The code in the Run_analysis.R script file is targeted to create a tidy dataset according to the requirements of the "Coursera: Getting and Cleaning Data" Course Project assignment.

The source raw data is available by the following link:

https://d396qusza40orc.cloudfront.net/getdata%2Fprojectfiles%2FUCI%20HAR%20Dataset.zip

A full description is available at the site where the data was obtained:

http://archive.ics.uci.edu/ml/datasets/Human+Activity+Recognition+Using+Smartphones

The script assumes that the source zip file is already downloaded and extracted in the current folder. The source data is stored in several separate files, we are mostly interested in the following list:

  • training dataset (UCI HAR Dataset/train)
    • X_train.txt - the training dataset itself
    • y_train.txt - activity codes for each measurement
    • subject_train.txt - codes of the subjects who performed the activity
  • test dataset (UCI HAR Dataset/train)
    • X_test.txt - the test dataset
    • y_train.txt - activity codes
    • subject_test.txt - subject codes
  • desciptive files (UCI HAR Dataset)
    • features.txt - measurement captions
    • activity_labels.txt - activity codes with their names

No other files are used by the script.

The script contains the following steps:

  1. determine the list of the necessary columns
  2. build the subsets for training and test data separately
  3. merge the subsets into one single dataset
  4. aggregate the dataset

Building the list of necessary columns

The script analyses the measurement captions from the features.txt file.
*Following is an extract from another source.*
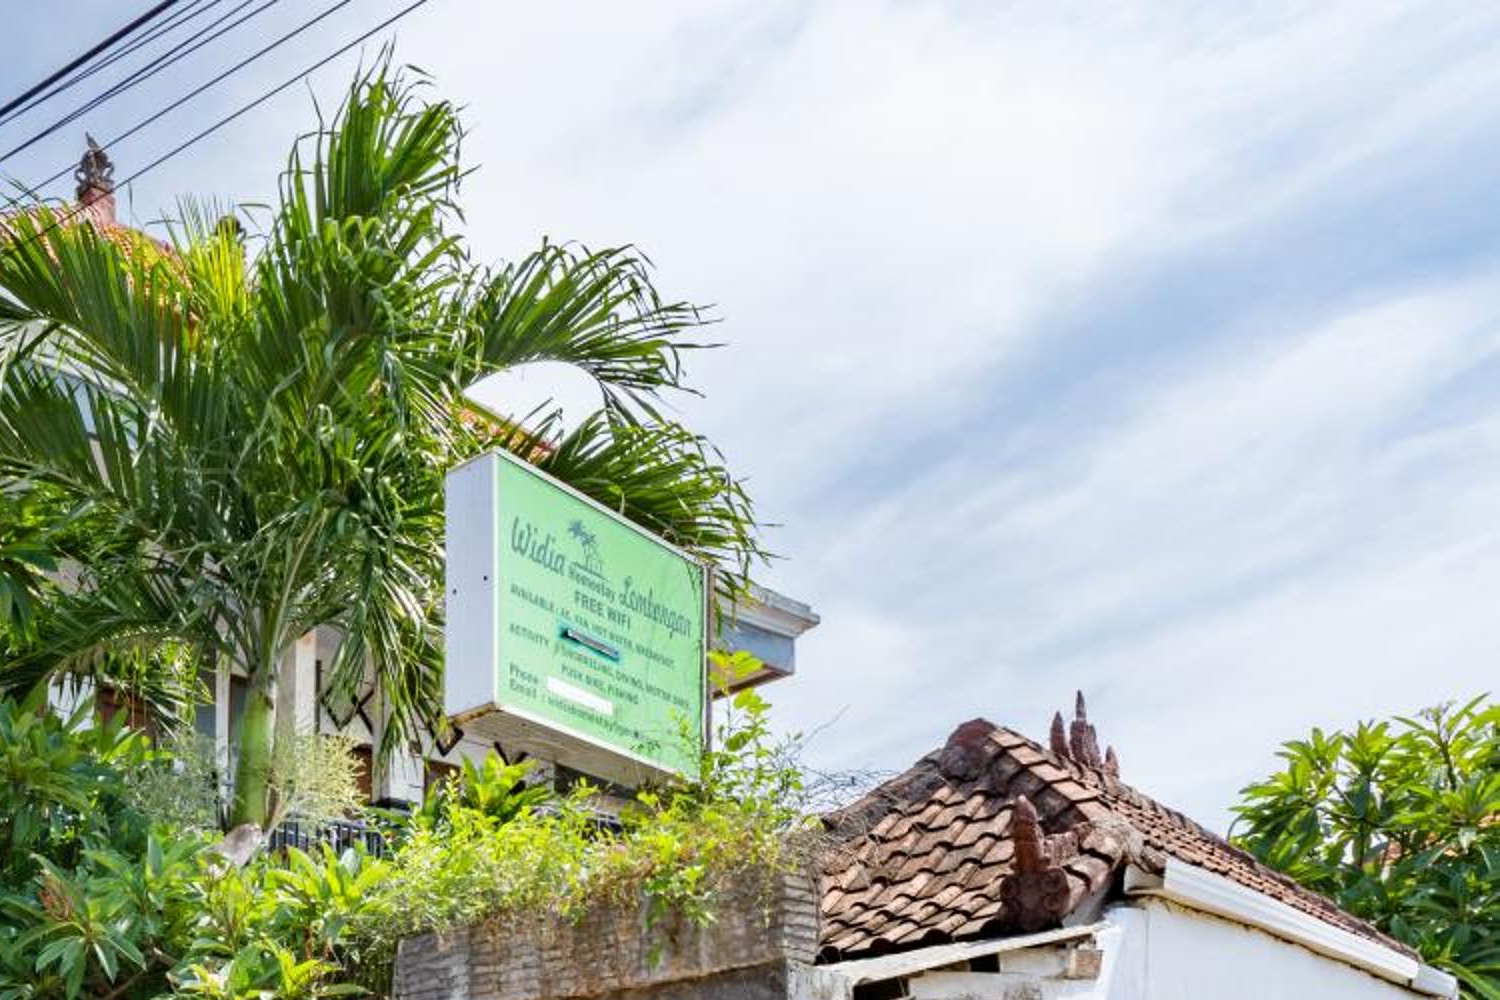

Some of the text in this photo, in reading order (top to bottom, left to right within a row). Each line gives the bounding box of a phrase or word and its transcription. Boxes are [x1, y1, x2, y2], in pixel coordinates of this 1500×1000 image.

  • filters them lo leave only those containing mean() or std() patterns
  • makes the captions more readable by decoding abbrevations ("Acc", "Gyro", ...), removing brackets and using dots as varaible parts separators
  • places the result into the features data.table with two columns:
    • id - sequental number in the datdaset
    • caption - readable column caption

Building train and test subsets

First, the script builds the train subset. It reads the X_train.txt file and subsets only the columns contained in the features$id vector. Then it adds activity and subject codes from Y_train.txt and subject_train.txt files.

The test subset is built just the same, only the file names are different (see 'Summary' section).
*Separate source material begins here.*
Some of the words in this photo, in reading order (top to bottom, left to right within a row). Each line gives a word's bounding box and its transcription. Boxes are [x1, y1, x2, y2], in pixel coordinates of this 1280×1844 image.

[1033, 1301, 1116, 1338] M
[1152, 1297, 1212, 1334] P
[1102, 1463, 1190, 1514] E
The subsets are stored in x.train and x.test variables accordingly.

Merging the subsets

At this stage the x.train and x.test subsets are merged into a single x.full dataset. Also, after merging the subsets, activity codes are coerced into factors with levels described in the activity_labels.txt file.

Aggregating the dataset

According to the assignment, the average for each variable should be calculated for each activity and each subject x.full. This is done by (1) melting the x.full dataset and then aggregating it using dcast function. Well, not a straight through way, but works fine and fast enough.

The result is set to x.agg variable and saved to tidy.txt file.